New York Timescolumnist William Safire, a former speechwriter for President Nixon and hardly anti-Bush, has repeatedly denounced the Saudi government's failure to help investigate al Qaeda, and the U.S. government's unwillingness to confront the Saudis. In fact, Safire wrote a blistering column about one of the U.S. government's most shameful post-9/11 acts -- the decision to let 14 members of the bin Laden family flee the U.S. for Saudi Arabia in the immediate aftermath of the Sept. 11 bombings. "[T]he royal family wanted its and bin Laden's relatives yanked home, [Saudi Prince] Bandar said 'Jump,' and the U.S. replied, 'How high?'" is how Safire put it.

He was right to be aghast. Letting the bin Ladens -- people with intimate information about a serial mass murderer -- flee the jurisdiction, supposedly because they might be in danger, runs counter to the most basic tenets of criminal investigation. Safire suggested that the Bush administration rolled over for the Saudis in regard to the bin Ladens because the administration doesn't want to push Arab governments out of the anti-terror coalition.

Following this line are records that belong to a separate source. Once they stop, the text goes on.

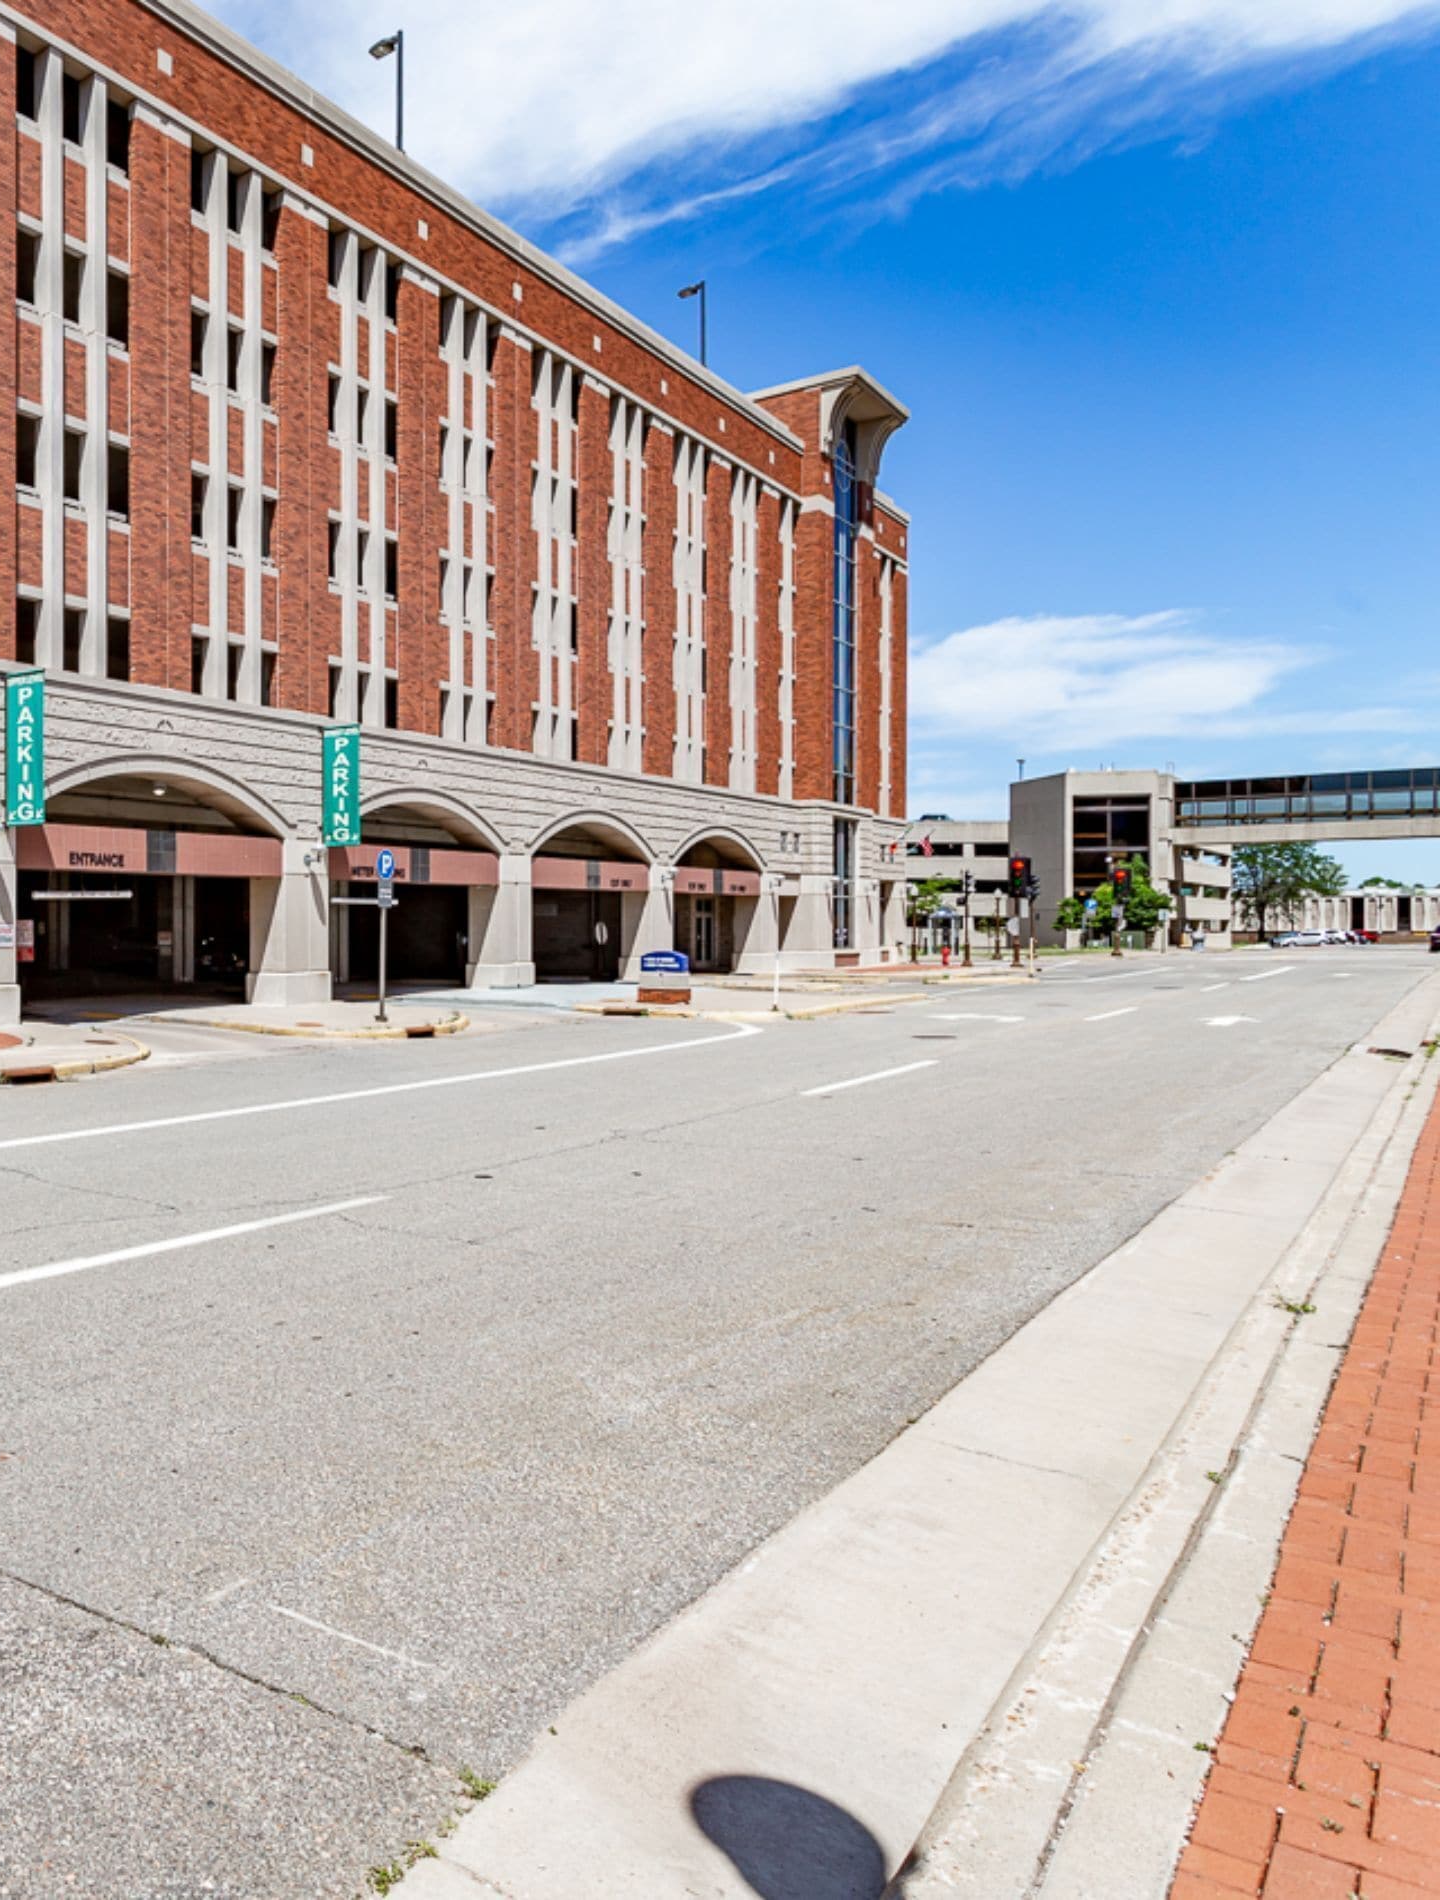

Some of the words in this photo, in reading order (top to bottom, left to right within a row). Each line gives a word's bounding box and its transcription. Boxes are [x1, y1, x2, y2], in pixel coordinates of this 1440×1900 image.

[17, 687, 34, 820] PARKING
[333, 737, 350, 842] PARKING
[69, 852, 124, 867] ENTRANCE
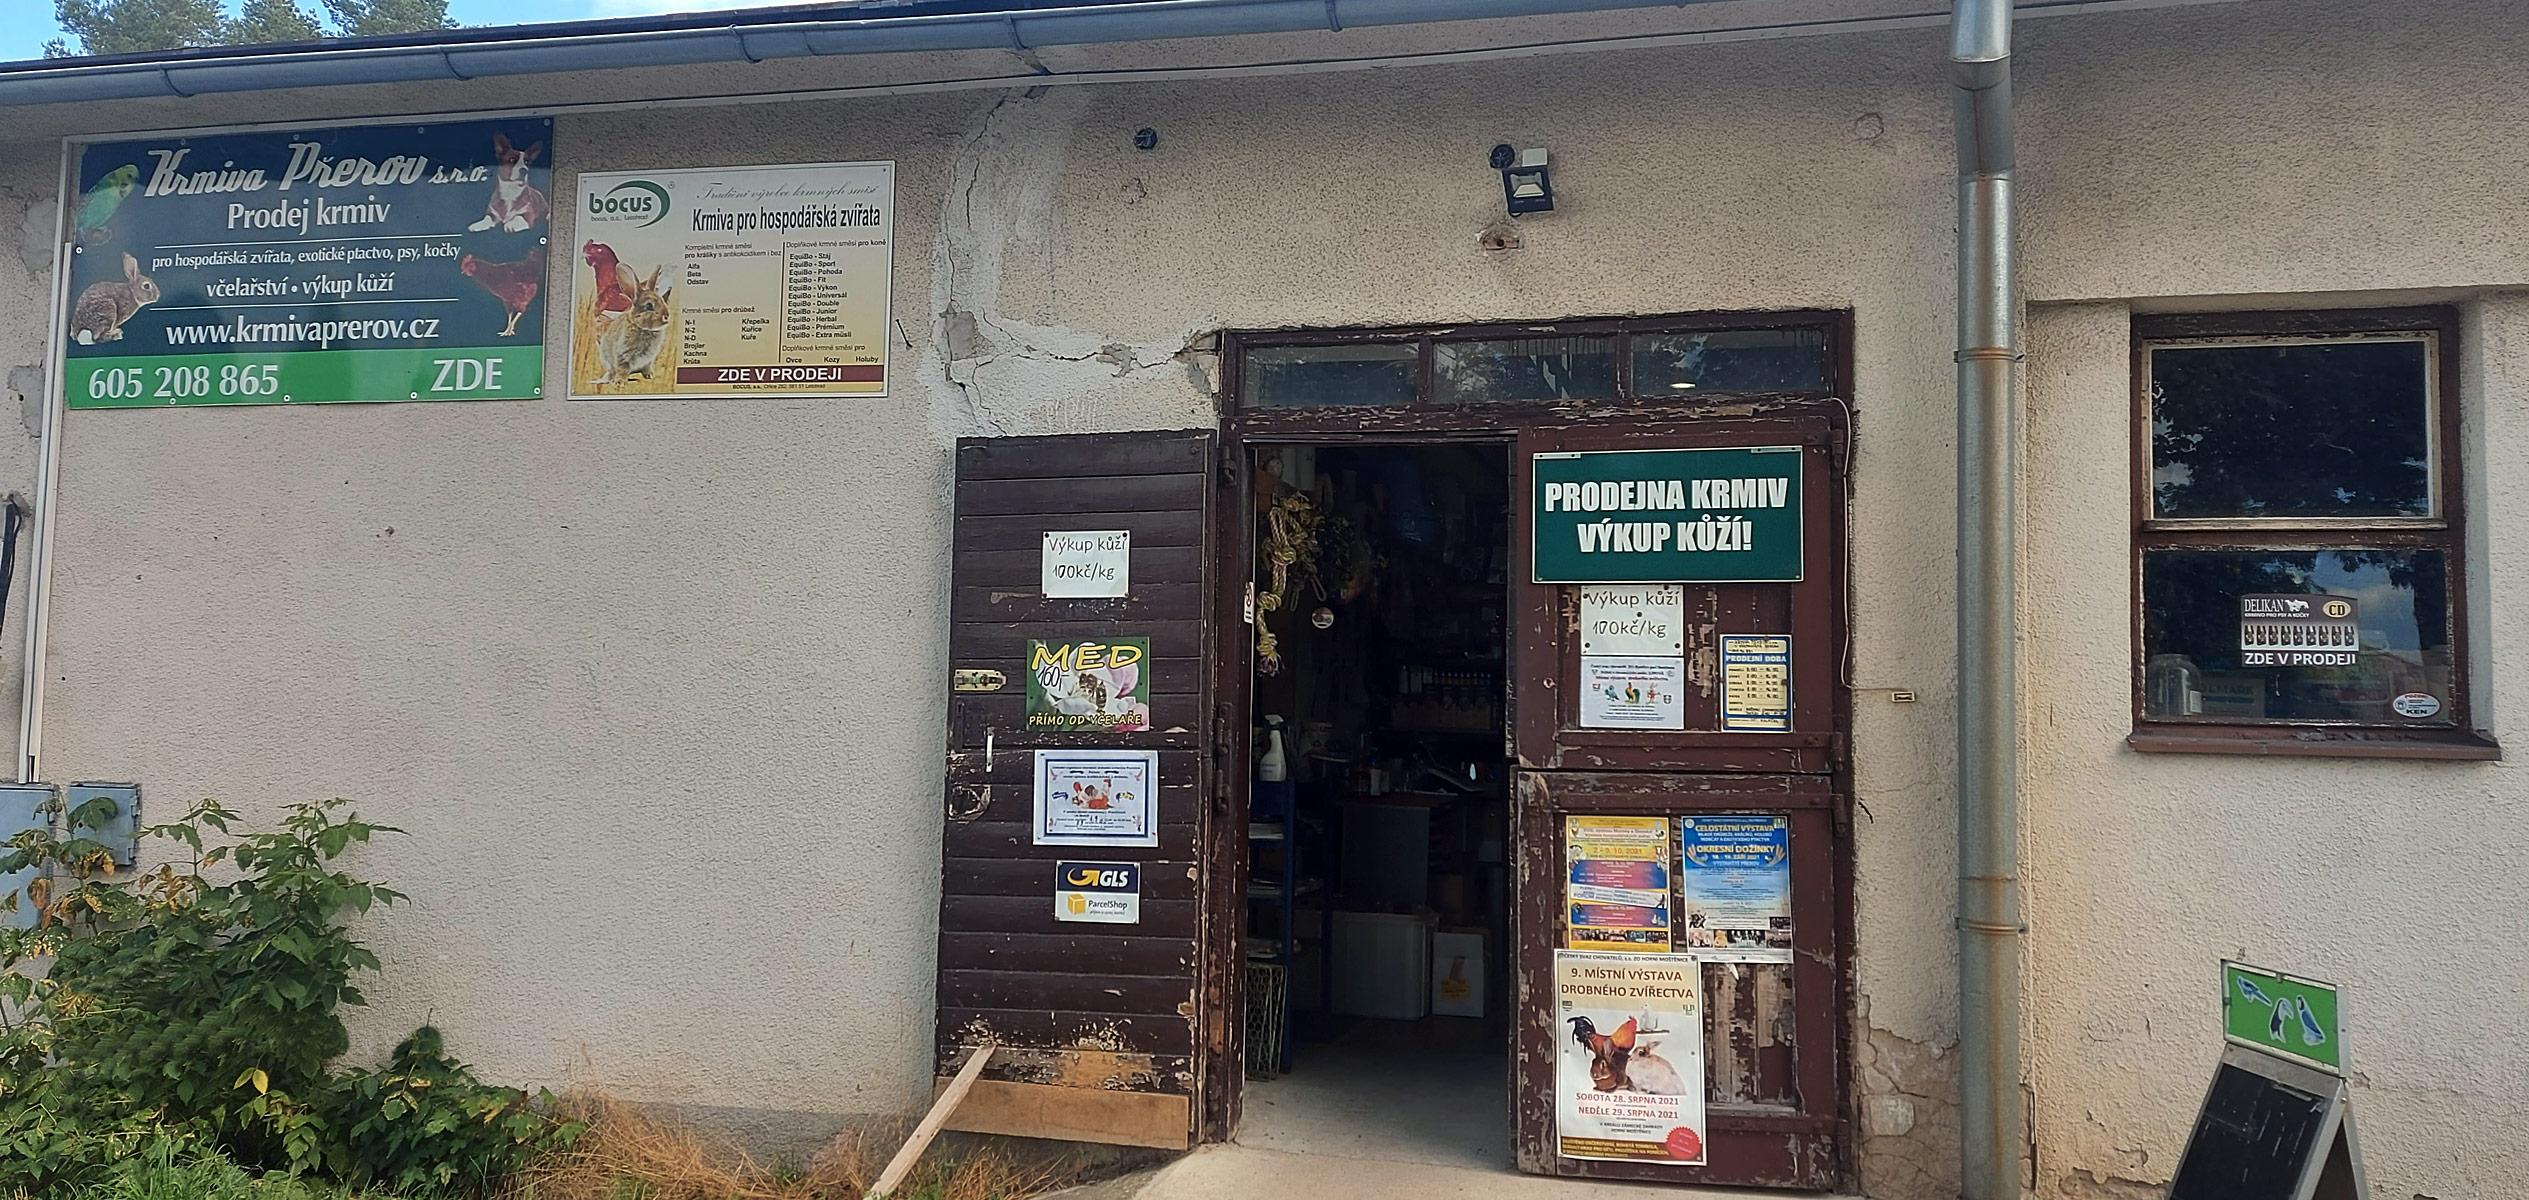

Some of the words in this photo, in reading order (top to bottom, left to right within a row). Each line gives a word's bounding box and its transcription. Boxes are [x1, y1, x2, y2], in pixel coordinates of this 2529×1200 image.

[144, 148, 266, 197] Krmiva
[278, 141, 428, 190] Přerov
[428, 166, 487, 185] s.r.o.
[589, 193, 652, 213] bocus
[227, 199, 309, 235] Prodej
[316, 196, 390, 226] krmiv
[693, 208, 733, 231] Krmiva
[736, 214, 756, 235] pro
[760, 203, 836, 234] hospodářská
[840, 203, 880, 226] zvířata
[152, 255, 172, 272] pro
[174, 247, 247, 269] hospodářská
[250, 246, 295, 266] zvířata,
[298, 245, 345, 264] exotické
[347, 244, 395, 264] ptactvo,
[397, 248, 421, 264] psy,
[423, 242, 461, 261] kočky
[206, 275, 287, 298] včelařství
[302, 274, 352, 300] výkup
[356, 271, 395, 293] kůží
[166, 314, 439, 349] www.krmivaprerov.cz
[89, 369, 144, 399] 605
[153, 367, 210, 397] 208
[220, 365, 279, 395] 865
[430, 359, 503, 392] ZDE
[718, 369, 750, 382] ZDE
[755, 369, 766, 381] V
[770, 368, 841, 381] PRODEJI
[1545, 480, 1686, 512] PRODEJNA
[1691, 478, 1788, 509] KRMIV
[1577, 518, 1670, 553] VÝKUP
[1677, 513, 1753, 551] KŮŽÍ!
[1049, 537, 1093, 555] Výkup
[1098, 536, 1127, 551] kůží
[1587, 591, 1639, 610] Výkup
[1646, 590, 1680, 606] kůží
[2244, 599, 2284, 612] DELIKAN
[2329, 605, 2346, 616] CD
[1031, 644, 1143, 673] MED
[1726, 654, 1763, 663] PRODEJNÍ
[1765, 655, 1787, 663] DOBA
[2244, 653, 2274, 665] ZDE
[2277, 653, 2289, 665] V
[2293, 653, 2356, 665] PRODEJI
[1029, 712, 1064, 726] PŘÍMO
[1070, 715, 1085, 725] OD
[1091, 711, 1142, 725] VČELAŘE
[1695, 824, 1740, 832] CELOSTÁTNÍ
[1741, 824, 1774, 832] VÝSTAVA
[1696, 844, 1734, 853] OKRESNÍ
[1735, 844, 1775, 853] DOŽÍNKY
[1100, 870, 1129, 887] GLS
[1088, 900, 1128, 911] ParcelShop
[1571, 968, 1582, 978] 9.
[1585, 967, 1626, 980] MÍSTNÍ
[1628, 969, 1682, 981] VÝSTAVA
[1561, 984, 1627, 997] DROBNÉHO
[1630, 985, 1694, 999] ZVÍŘECTVA
[1576, 1093, 1611, 1103] SOBOTA
[1613, 1095, 1626, 1103] 28.
[1628, 1095, 1656, 1105] SRPNA
[1659, 1097, 1679, 1106] 2021
[1578, 1106, 1610, 1116] NEDĚLE
[1612, 1108, 1625, 1117] 29.
[1627, 1109, 1656, 1118] SRPNA
[1658, 1110, 1679, 1119] 2021

I don't know why we rolled, and continue, apparently, to roll, when it comes to pressing the Saudis for cooperation in finding al Qaeda members, and the people who fund them. But before the next 9/11 sobfest, I hope U.S. media organizations with international reach will have remembered that good journalism is necessarily rude and have gone on to determine whether our government's Saudi softness is, or isn't, a product of global presidential cronyism.